** Record set follows **

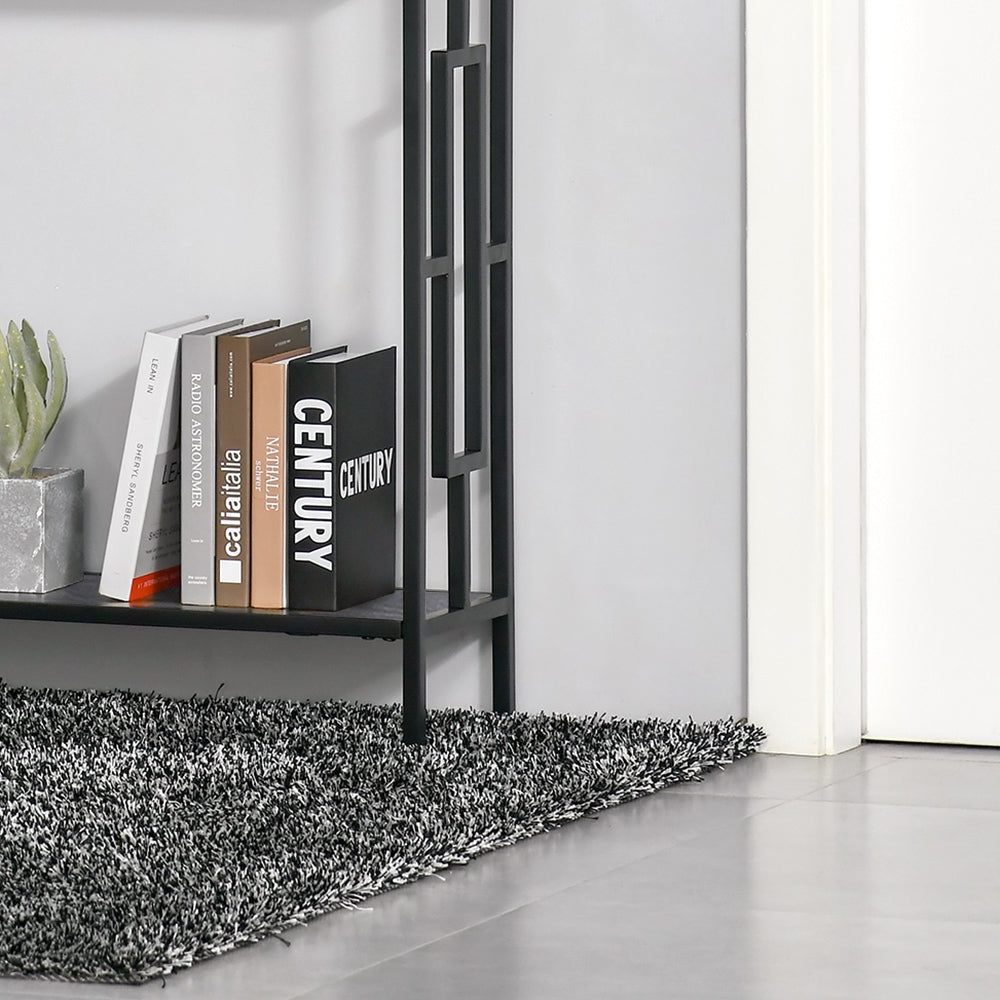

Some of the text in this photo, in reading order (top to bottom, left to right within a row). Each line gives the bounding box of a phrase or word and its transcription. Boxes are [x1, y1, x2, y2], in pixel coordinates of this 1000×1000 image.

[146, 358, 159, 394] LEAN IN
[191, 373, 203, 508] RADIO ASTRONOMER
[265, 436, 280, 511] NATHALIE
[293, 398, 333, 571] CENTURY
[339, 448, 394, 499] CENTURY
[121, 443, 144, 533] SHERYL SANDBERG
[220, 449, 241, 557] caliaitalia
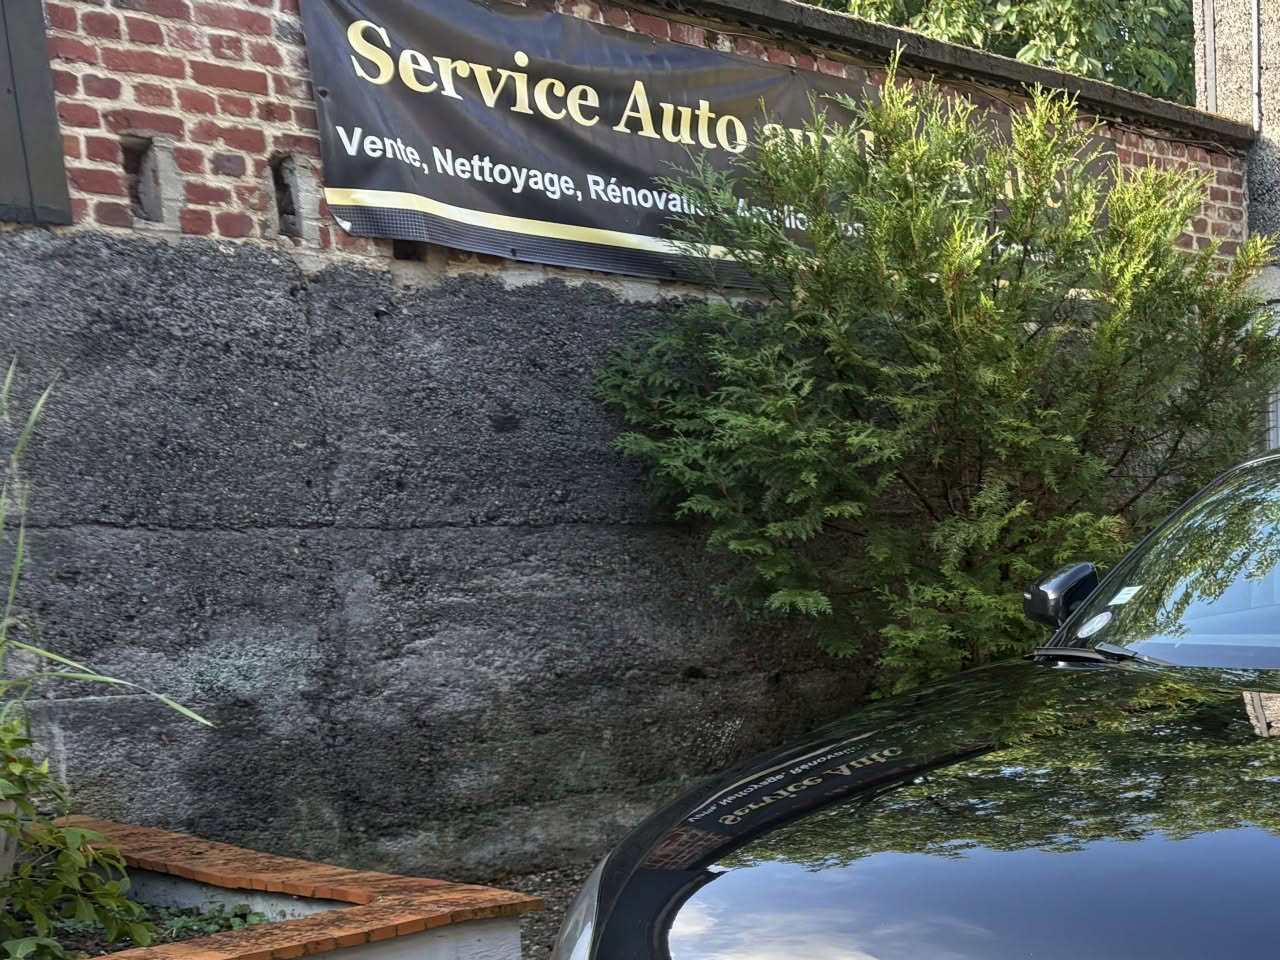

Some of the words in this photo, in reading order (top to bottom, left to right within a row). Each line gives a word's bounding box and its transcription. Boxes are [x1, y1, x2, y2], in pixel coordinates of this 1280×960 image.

** End of Record set **

Output the listing above exactly, pictures omitted.

Output of the exercise ->
Some of the text in this photo, in reading order (top to bottom, left to right within a row). Each line gives the bounding box of a phrase or word and its transcription. Boxes are [x1, y1, x2, y2], in pixel coordinates of this 1000×1000 image.

[146, 358, 159, 394] LEAN IN
[191, 373, 203, 508] RADIO ASTRONOMER
[265, 436, 280, 511] NATHALIE
[293, 398, 333, 571] CENTURY
[339, 448, 394, 499] CENTURY
[121, 443, 144, 533] SHERYL SANDBERG
[220, 449, 241, 557] caliaitalia

Some of the words in this photo, in reading order (top to bottom, left to right within a row). Each line gives a word's bounding box and its transcription. Boxes are [x1, y1, x2, y2], in pixel coordinates of this 1280×960 image.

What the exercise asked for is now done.